Cults have been born from something as commonplace as a chair. Since 3,200 B.C., the time of the earliest recorded chairs in history, designers and architects have innovated and evolved the typology’s scale, form, and function. Perhaps one of the most recognizable designs remains Marcel Breuer’s 1925 Wassily and 1928 Cesca chairs, which became influential for its use of curving tubular steel inspired by bicycle frames. They arose alongside Mies van der Rohe’s 1927 cantilevered MR Chair and Table.


These designs were acquired by Knoll but are now launching in three new finishes: an archival dark red, white, and black. While the former, expressed in an ultra-matte finish, harkens back to a Bauhaus color that was originally offered in the MR Chair, the black and white shades recall how Bauhaus designers embraced the color palette for the ways they reflect and absorb light, accentuate geometric forms, and strengthen edges.

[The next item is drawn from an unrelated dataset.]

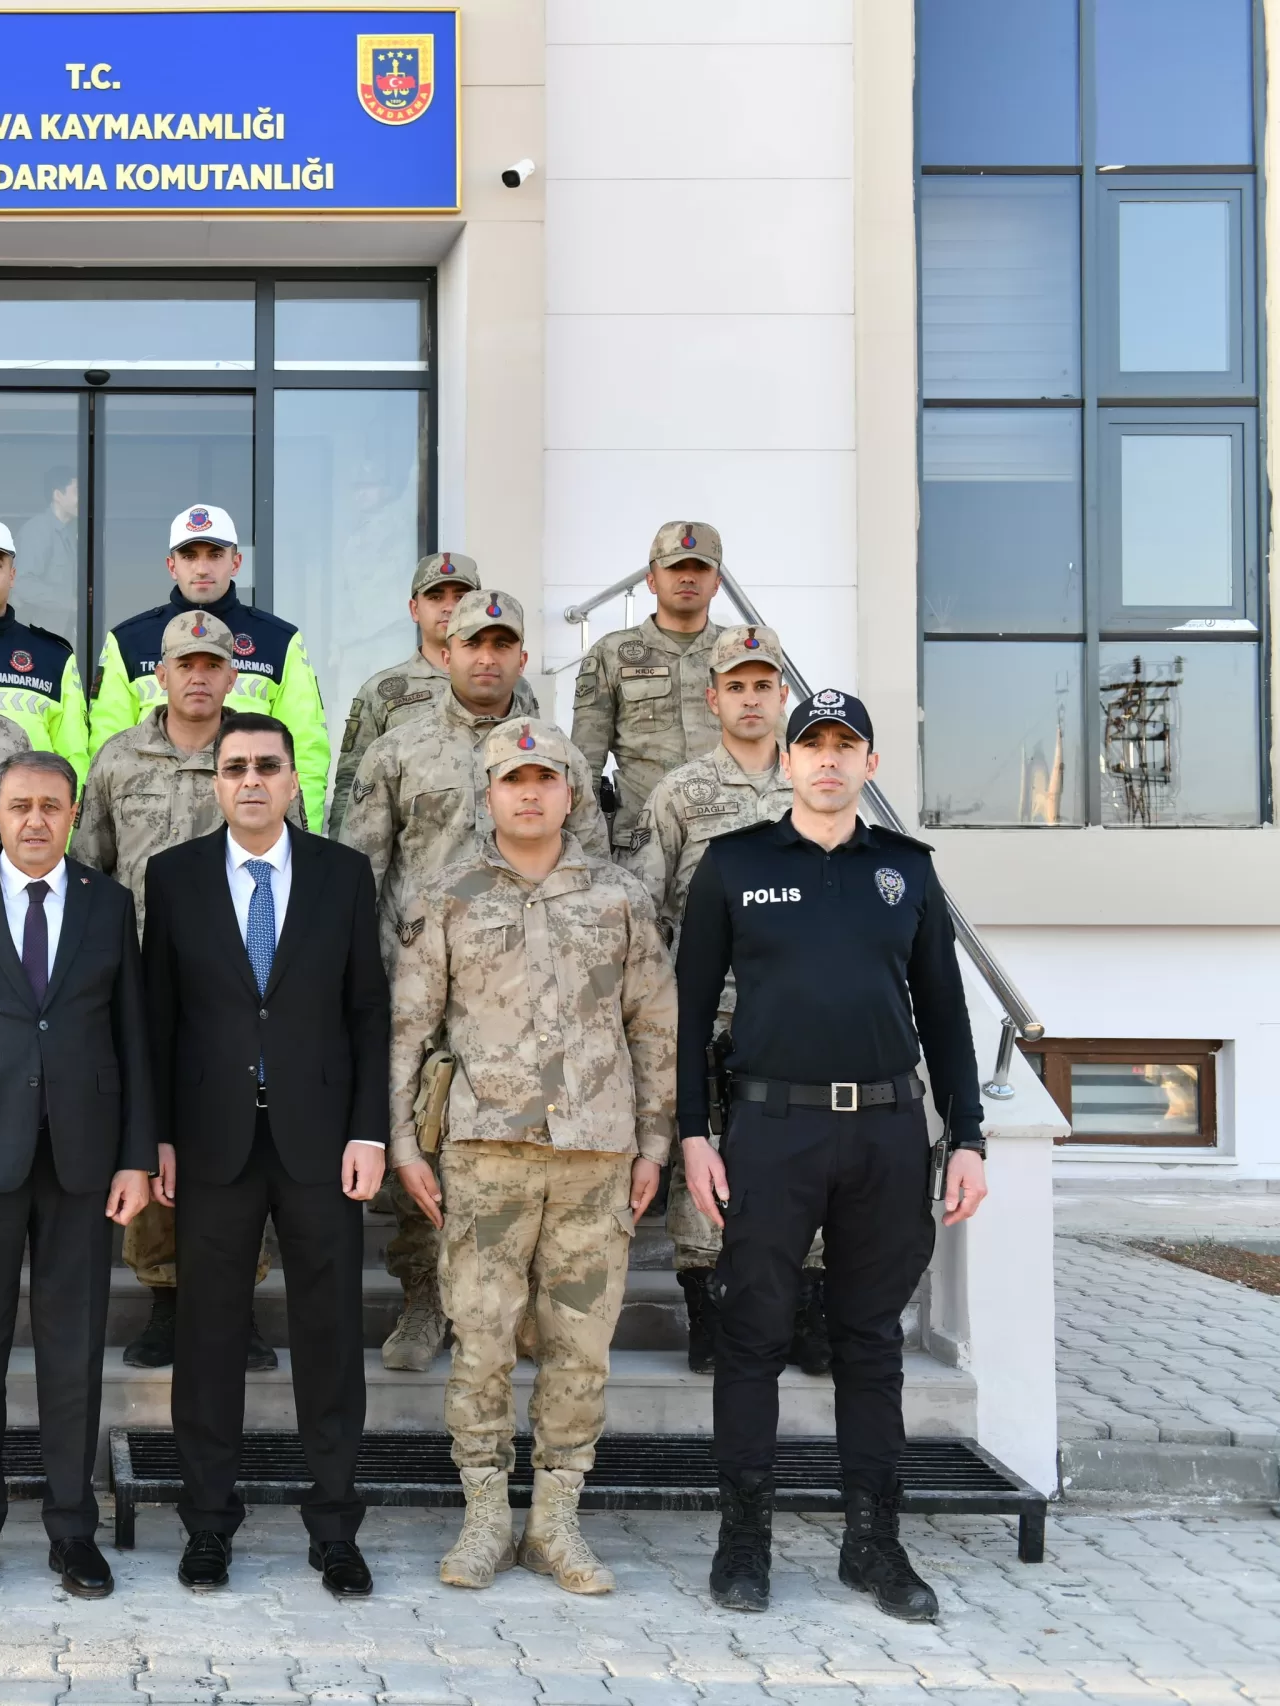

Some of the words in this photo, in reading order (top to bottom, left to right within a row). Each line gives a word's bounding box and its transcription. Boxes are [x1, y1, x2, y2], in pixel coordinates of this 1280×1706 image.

[65, 63, 122, 91] T.C.
[364, 92, 429, 119] JANDARMA
[40, 106, 286, 141] KAYMAKAMLIĞI
[115, 157, 335, 192] KOMUTANLIĞI
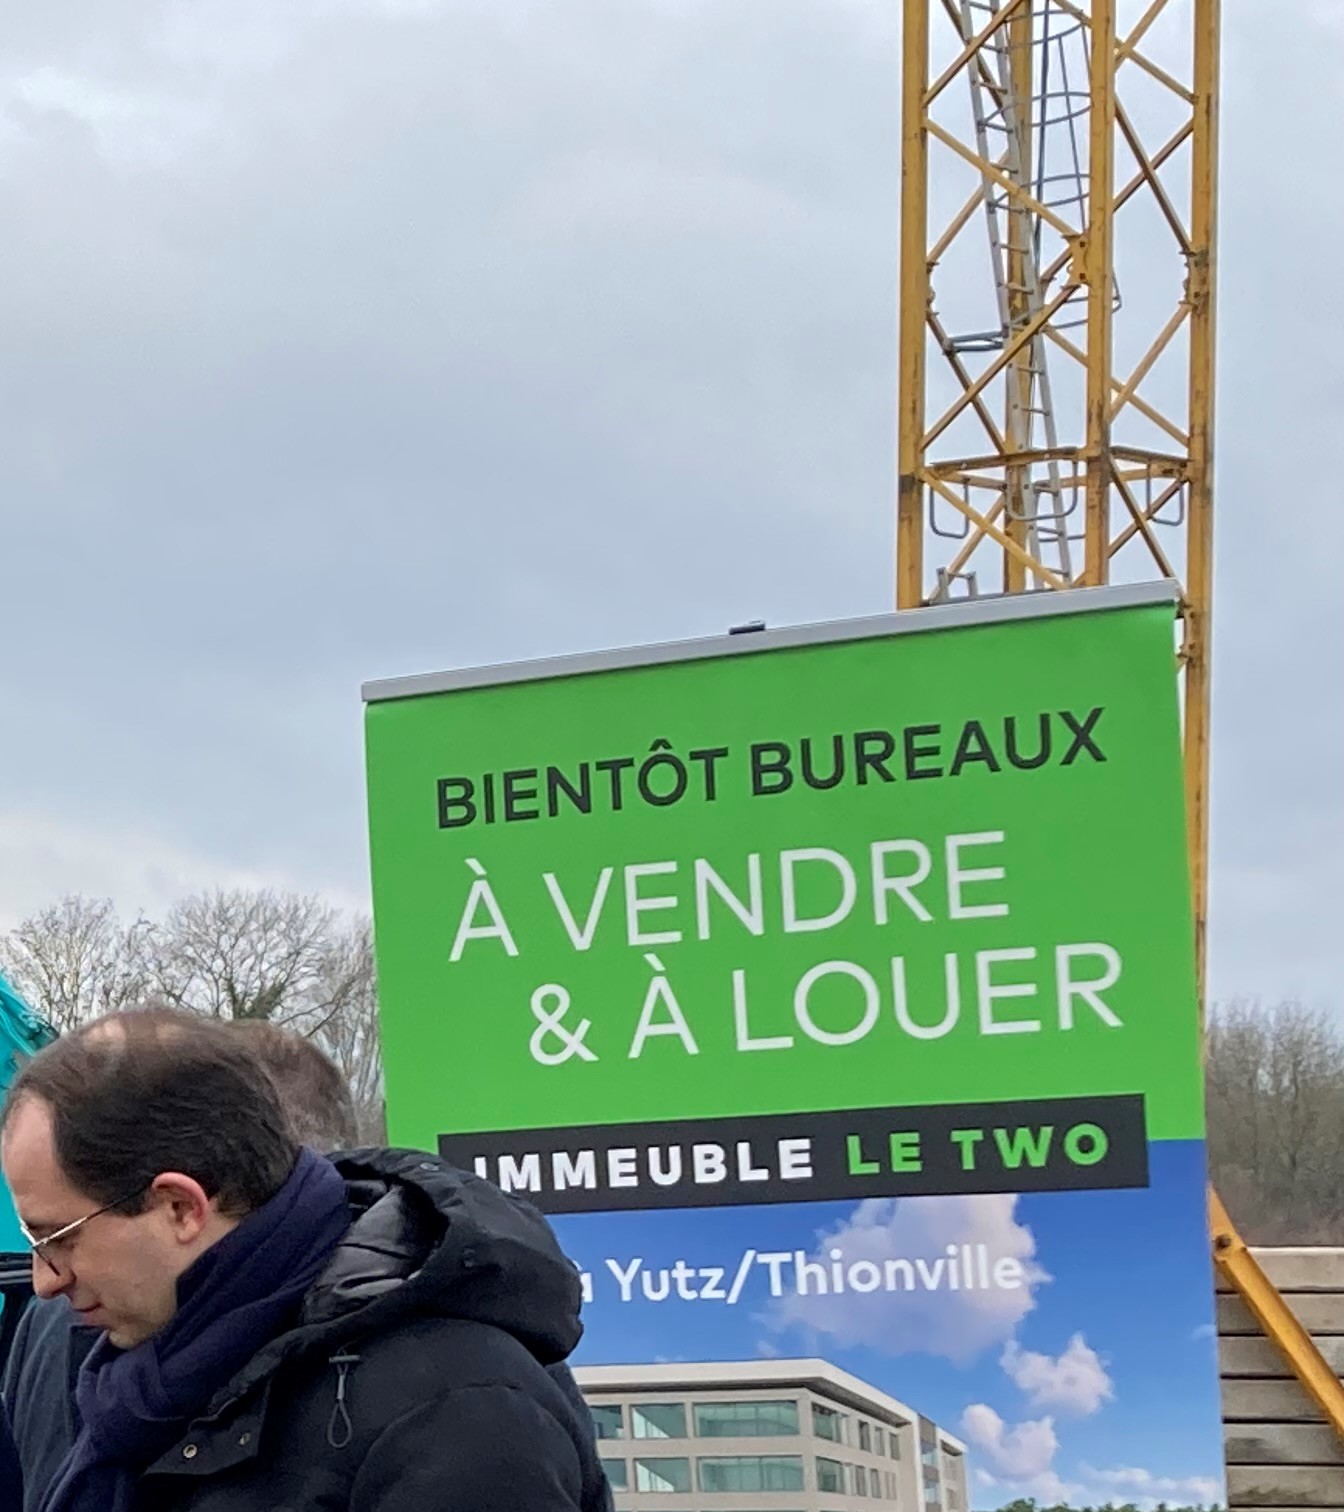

To celebrate the new finishes, Knoll partnered with photographer Adam Jason Cohen. Cohen—who has shot for the likes of Virgil Abloh, Nike, Arcteryx, Adidas, and Knoll previously—captures the chairs in schools in southern California. The locations’ curving architecture parallels the designs’ own sculptural quality, making for both an apt yet previously unseen site for the chairs. In one shot, for instance, the cylindrical concrete facade acts as a resonant backdrop for the MR Table, both born with a certain curvature and industrialism in mind.

Cohen and Knoll’s photographic campaign puts a contemporary lens on the Bauhaus designs. The photographs not only serve as a reminder of the dialogue between the furniture design and architecture that brought about these iconic pieces, but also the timelessness of Breuer and van der Rohe’s work—and, of course, of Bauhaus’s lessons overall.